Aim of the task
Here are some entries. Repeat all of them exactly.

Input for this task
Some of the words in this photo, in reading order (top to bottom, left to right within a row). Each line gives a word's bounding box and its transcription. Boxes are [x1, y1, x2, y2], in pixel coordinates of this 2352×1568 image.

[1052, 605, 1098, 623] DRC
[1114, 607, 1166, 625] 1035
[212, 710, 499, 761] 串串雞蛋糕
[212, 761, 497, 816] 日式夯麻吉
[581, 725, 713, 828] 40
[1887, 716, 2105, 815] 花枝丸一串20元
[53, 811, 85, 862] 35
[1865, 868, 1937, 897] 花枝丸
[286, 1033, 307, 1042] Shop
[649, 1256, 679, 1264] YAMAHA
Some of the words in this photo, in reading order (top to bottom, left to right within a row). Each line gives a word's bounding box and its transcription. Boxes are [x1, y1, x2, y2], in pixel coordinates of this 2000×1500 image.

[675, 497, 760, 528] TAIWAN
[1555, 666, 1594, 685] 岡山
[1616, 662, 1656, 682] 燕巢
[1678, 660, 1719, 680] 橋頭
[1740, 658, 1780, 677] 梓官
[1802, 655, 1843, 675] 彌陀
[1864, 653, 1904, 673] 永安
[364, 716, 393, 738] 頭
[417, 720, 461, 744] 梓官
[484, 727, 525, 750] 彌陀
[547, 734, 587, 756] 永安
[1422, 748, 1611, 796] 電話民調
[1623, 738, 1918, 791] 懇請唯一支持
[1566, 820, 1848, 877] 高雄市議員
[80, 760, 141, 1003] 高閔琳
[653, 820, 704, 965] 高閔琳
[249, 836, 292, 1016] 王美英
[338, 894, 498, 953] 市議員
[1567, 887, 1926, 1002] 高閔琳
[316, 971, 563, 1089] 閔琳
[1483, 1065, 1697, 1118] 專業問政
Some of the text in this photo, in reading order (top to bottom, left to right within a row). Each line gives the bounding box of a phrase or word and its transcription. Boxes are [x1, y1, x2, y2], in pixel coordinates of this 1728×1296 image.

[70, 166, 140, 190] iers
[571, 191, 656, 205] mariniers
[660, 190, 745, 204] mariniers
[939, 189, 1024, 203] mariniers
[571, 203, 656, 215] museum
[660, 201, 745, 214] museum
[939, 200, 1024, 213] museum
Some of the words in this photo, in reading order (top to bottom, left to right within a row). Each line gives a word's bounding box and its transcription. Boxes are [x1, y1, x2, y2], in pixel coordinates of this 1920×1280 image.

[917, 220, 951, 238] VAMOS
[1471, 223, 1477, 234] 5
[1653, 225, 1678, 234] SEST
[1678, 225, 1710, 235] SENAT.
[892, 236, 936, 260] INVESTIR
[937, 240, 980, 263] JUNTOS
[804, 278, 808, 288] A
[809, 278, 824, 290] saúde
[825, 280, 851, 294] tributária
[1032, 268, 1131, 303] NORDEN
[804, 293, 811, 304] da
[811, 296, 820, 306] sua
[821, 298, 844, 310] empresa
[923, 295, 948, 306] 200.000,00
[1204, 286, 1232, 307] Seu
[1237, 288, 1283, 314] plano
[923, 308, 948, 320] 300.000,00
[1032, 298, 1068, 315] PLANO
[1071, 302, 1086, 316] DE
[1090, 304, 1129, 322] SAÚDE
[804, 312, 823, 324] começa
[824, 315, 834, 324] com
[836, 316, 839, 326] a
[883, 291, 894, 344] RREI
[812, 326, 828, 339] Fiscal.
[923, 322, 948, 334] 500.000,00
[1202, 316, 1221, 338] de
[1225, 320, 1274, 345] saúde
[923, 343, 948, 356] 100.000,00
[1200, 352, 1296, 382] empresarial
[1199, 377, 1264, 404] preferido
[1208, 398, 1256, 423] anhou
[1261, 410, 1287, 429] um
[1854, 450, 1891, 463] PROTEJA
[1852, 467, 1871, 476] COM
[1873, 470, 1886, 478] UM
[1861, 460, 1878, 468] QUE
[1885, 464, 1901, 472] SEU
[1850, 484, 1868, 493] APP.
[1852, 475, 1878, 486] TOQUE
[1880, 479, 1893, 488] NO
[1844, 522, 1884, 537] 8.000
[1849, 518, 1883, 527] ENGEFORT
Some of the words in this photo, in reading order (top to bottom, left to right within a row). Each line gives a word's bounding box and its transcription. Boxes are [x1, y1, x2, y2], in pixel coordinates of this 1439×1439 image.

Task answer
Some of the words in this photo, in reading order (top to bottom, left to right within a row). Each line gives a word's bounding box and its transcription. Boxes are [x1, y1, x2, y2], in pixel coordinates of this 2352×1568 image.

[1052, 605, 1098, 623] DRC
[1114, 607, 1166, 625] 1035
[212, 710, 499, 761] 串串雞蛋糕
[212, 761, 497, 816] 日式夯麻吉
[581, 725, 713, 828] 40
[1887, 716, 2105, 815] 花枝丸一串20元
[53, 811, 85, 862] 35
[1865, 868, 1937, 897] 花枝丸
[286, 1033, 307, 1042] Shop
[649, 1256, 679, 1264] YAMAHA
Some of the words in this photo, in reading order (top to bottom, left to right within a row). Each line gives a word's bounding box and its transcription. Boxes are [x1, y1, x2, y2], in pixel coordinates of this 2000×1500 image.

[675, 497, 760, 528] TAIWAN
[1555, 666, 1594, 685] 岡山
[1616, 662, 1656, 682] 燕巢
[1678, 660, 1719, 680] 橋頭
[1740, 658, 1780, 677] 梓官
[1802, 655, 1843, 675] 彌陀
[1864, 653, 1904, 673] 永安
[364, 716, 393, 738] 頭
[417, 720, 461, 744] 梓官
[484, 727, 525, 750] 彌陀
[547, 734, 587, 756] 永安
[1422, 748, 1611, 796] 電話民調
[1623, 738, 1918, 791] 懇請唯一支持
[1566, 820, 1848, 877] 高雄市議員
[80, 760, 141, 1003] 高閔琳
[653, 820, 704, 965] 高閔琳
[249, 836, 292, 1016] 王美英
[338, 894, 498, 953] 市議員
[1567, 887, 1926, 1002] 高閔琳
[316, 971, 563, 1089] 閔琳
[1483, 1065, 1697, 1118] 專業問政
Some of the text in this photo, in reading order (top to bottom, left to right within a row). Each line gives the bounding box of a phrase or word and its transcription. Boxes are [x1, y1, x2, y2], in pixel coordinates of this 1728×1296 image.

[70, 166, 140, 190] iers
[571, 191, 656, 205] mariniers
[660, 190, 745, 204] mariniers
[939, 189, 1024, 203] mariniers
[571, 203, 656, 215] museum
[660, 201, 745, 214] museum
[939, 200, 1024, 213] museum
Some of the words in this photo, in reading order (top to bottom, left to right within a row). Each line gives a word's bounding box and its transcription. Boxes are [x1, y1, x2, y2], in pixel coordinates of this 1920×1280 image.

[917, 220, 951, 238] VAMOS
[1471, 223, 1477, 234] 5
[1653, 225, 1678, 234] SEST
[1678, 225, 1710, 235] SENAT.
[892, 236, 936, 260] INVESTIR
[937, 240, 980, 263] JUNTOS
[804, 278, 808, 288] A
[809, 278, 824, 290] saúde
[825, 280, 851, 294] tributária
[1032, 268, 1131, 303] NORDEN
[804, 293, 811, 304] da
[811, 296, 820, 306] sua
[821, 298, 844, 310] empresa
[923, 295, 948, 306] 200.000,00
[1204, 286, 1232, 307] Seu
[1237, 288, 1283, 314] plano
[923, 308, 948, 320] 300.000,00
[1032, 298, 1068, 315] PLANO
[1071, 302, 1086, 316] DE
[1090, 304, 1129, 322] SAÚDE
[804, 312, 823, 324] começa
[824, 315, 834, 324] com
[836, 316, 839, 326] a
[883, 291, 894, 344] RREI
[812, 326, 828, 339] Fiscal.
[923, 322, 948, 334] 500.000,00
[1202, 316, 1221, 338] de
[1225, 320, 1274, 345] saúde
[923, 343, 948, 356] 100.000,00
[1200, 352, 1296, 382] empresarial
[1199, 377, 1264, 404] preferido
[1208, 398, 1256, 423] anhou
[1261, 410, 1287, 429] um
[1854, 450, 1891, 463] PROTEJA
[1852, 467, 1871, 476] COM
[1873, 470, 1886, 478] UM
[1861, 460, 1878, 468] QUE
[1885, 464, 1901, 472] SEU
[1850, 484, 1868, 493] APP.
[1852, 475, 1878, 486] TOQUE
[1880, 479, 1893, 488] NO
[1844, 522, 1884, 537] 8.000
[1849, 518, 1883, 527] ENGEFORT
Some of the words in this photo, in reading order (top to bottom, left to right within a row). Each line gives a word's bounding box and its transcription. Boxes are [x1, y1, x2, y2], in pixel coordinates of this 1439×1439 image.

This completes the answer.